▶ Records to process
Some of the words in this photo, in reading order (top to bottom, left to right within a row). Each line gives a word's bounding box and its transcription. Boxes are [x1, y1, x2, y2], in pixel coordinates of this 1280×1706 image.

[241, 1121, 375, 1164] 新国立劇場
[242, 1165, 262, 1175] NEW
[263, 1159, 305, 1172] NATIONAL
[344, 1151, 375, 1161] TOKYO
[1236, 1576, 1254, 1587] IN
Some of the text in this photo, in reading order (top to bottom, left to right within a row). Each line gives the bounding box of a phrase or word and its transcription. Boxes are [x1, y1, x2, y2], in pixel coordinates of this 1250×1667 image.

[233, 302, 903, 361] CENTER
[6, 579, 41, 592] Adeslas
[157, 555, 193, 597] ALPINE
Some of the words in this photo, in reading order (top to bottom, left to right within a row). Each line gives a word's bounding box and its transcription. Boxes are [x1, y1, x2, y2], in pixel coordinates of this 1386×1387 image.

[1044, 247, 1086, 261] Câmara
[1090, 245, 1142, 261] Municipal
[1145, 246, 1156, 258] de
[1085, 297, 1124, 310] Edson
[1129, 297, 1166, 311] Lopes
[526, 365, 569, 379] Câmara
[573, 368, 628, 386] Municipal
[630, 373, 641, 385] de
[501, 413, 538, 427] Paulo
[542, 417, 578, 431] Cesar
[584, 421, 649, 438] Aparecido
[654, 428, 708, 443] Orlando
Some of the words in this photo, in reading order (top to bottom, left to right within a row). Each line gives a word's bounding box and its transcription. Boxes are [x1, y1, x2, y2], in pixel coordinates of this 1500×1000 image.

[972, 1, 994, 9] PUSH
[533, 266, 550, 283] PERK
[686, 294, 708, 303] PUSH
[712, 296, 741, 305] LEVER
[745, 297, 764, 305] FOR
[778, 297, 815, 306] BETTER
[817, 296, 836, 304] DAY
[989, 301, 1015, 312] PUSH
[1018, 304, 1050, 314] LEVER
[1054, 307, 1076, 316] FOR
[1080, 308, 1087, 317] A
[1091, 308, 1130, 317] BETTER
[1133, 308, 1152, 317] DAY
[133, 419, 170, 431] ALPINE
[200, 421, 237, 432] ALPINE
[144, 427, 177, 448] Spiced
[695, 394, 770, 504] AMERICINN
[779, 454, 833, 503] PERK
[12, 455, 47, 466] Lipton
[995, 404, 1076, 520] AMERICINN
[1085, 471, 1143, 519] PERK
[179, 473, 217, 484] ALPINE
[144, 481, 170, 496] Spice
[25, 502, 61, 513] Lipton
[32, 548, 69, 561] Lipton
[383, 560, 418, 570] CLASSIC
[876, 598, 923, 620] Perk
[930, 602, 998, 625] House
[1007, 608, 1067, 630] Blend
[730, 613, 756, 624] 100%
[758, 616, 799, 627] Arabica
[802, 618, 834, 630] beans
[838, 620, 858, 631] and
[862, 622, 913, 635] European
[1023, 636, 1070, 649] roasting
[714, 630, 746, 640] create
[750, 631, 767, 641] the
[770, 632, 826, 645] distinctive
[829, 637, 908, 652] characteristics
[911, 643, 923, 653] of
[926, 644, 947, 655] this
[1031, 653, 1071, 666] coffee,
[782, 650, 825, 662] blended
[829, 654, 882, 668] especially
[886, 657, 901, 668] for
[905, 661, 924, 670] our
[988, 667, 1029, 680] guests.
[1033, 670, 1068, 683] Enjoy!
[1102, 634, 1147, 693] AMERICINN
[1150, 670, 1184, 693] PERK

▶ Task objective
Repeat the data exactly. Leave nothing out.

▶ Response below
Some of the words in this photo, in reading order (top to bottom, left to right within a row). Each line gives a word's bounding box and its transcription. Boxes are [x1, y1, x2, y2], in pixel coordinates of this 1280×1706 image.

[241, 1121, 375, 1164] 新国立劇場
[242, 1165, 262, 1175] NEW
[263, 1159, 305, 1172] NATIONAL
[344, 1151, 375, 1161] TOKYO
[1236, 1576, 1254, 1587] IN
Some of the text in this photo, in reading order (top to bottom, left to right within a row). Each line gives the bounding box of a phrase or word and its transcription. Boxes are [x1, y1, x2, y2], in pixel coordinates of this 1250×1667 image.

[233, 302, 903, 361] CENTER
[6, 579, 41, 592] Adeslas
[157, 555, 193, 597] ALPINE
Some of the words in this photo, in reading order (top to bottom, left to right within a row). Each line gives a word's bounding box and its transcription. Boxes are [x1, y1, x2, y2], in pixel coordinates of this 1386×1387 image.

[1044, 247, 1086, 261] Câmara
[1090, 245, 1142, 261] Municipal
[1145, 246, 1156, 258] de
[1085, 297, 1124, 310] Edson
[1129, 297, 1166, 311] Lopes
[526, 365, 569, 379] Câmara
[573, 368, 628, 386] Municipal
[630, 373, 641, 385] de
[501, 413, 538, 427] Paulo
[542, 417, 578, 431] Cesar
[584, 421, 649, 438] Aparecido
[654, 428, 708, 443] Orlando
Some of the words in this photo, in reading order (top to bottom, left to right within a row). Each line gives a word's bounding box and its transcription. Boxes are [x1, y1, x2, y2], in pixel coordinates of this 1500×1000 image.

[972, 1, 994, 9] PUSH
[533, 266, 550, 283] PERK
[686, 294, 708, 303] PUSH
[712, 296, 741, 305] LEVER
[745, 297, 764, 305] FOR
[778, 297, 815, 306] BETTER
[817, 296, 836, 304] DAY
[989, 301, 1015, 312] PUSH
[1018, 304, 1050, 314] LEVER
[1054, 307, 1076, 316] FOR
[1080, 308, 1087, 317] A
[1091, 308, 1130, 317] BETTER
[1133, 308, 1152, 317] DAY
[133, 419, 170, 431] ALPINE
[200, 421, 237, 432] ALPINE
[144, 427, 177, 448] Spiced
[695, 394, 770, 504] AMERICINN
[779, 454, 833, 503] PERK
[12, 455, 47, 466] Lipton
[995, 404, 1076, 520] AMERICINN
[1085, 471, 1143, 519] PERK
[179, 473, 217, 484] ALPINE
[144, 481, 170, 496] Spice
[25, 502, 61, 513] Lipton
[32, 548, 69, 561] Lipton
[383, 560, 418, 570] CLASSIC
[876, 598, 923, 620] Perk
[930, 602, 998, 625] House
[1007, 608, 1067, 630] Blend
[730, 613, 756, 624] 100%
[758, 616, 799, 627] Arabica
[802, 618, 834, 630] beans
[838, 620, 858, 631] and
[862, 622, 913, 635] European
[1023, 636, 1070, 649] roasting
[714, 630, 746, 640] create
[750, 631, 767, 641] the
[770, 632, 826, 645] distinctive
[829, 637, 908, 652] characteristics
[911, 643, 923, 653] of
[926, 644, 947, 655] this
[1031, 653, 1071, 666] coffee,
[782, 650, 825, 662] blended
[829, 654, 882, 668] especially
[886, 657, 901, 668] for
[905, 661, 924, 670] our
[988, 667, 1029, 680] guests.
[1033, 670, 1068, 683] Enjoy!
[1102, 634, 1147, 693] AMERICINN
[1150, 670, 1184, 693] PERK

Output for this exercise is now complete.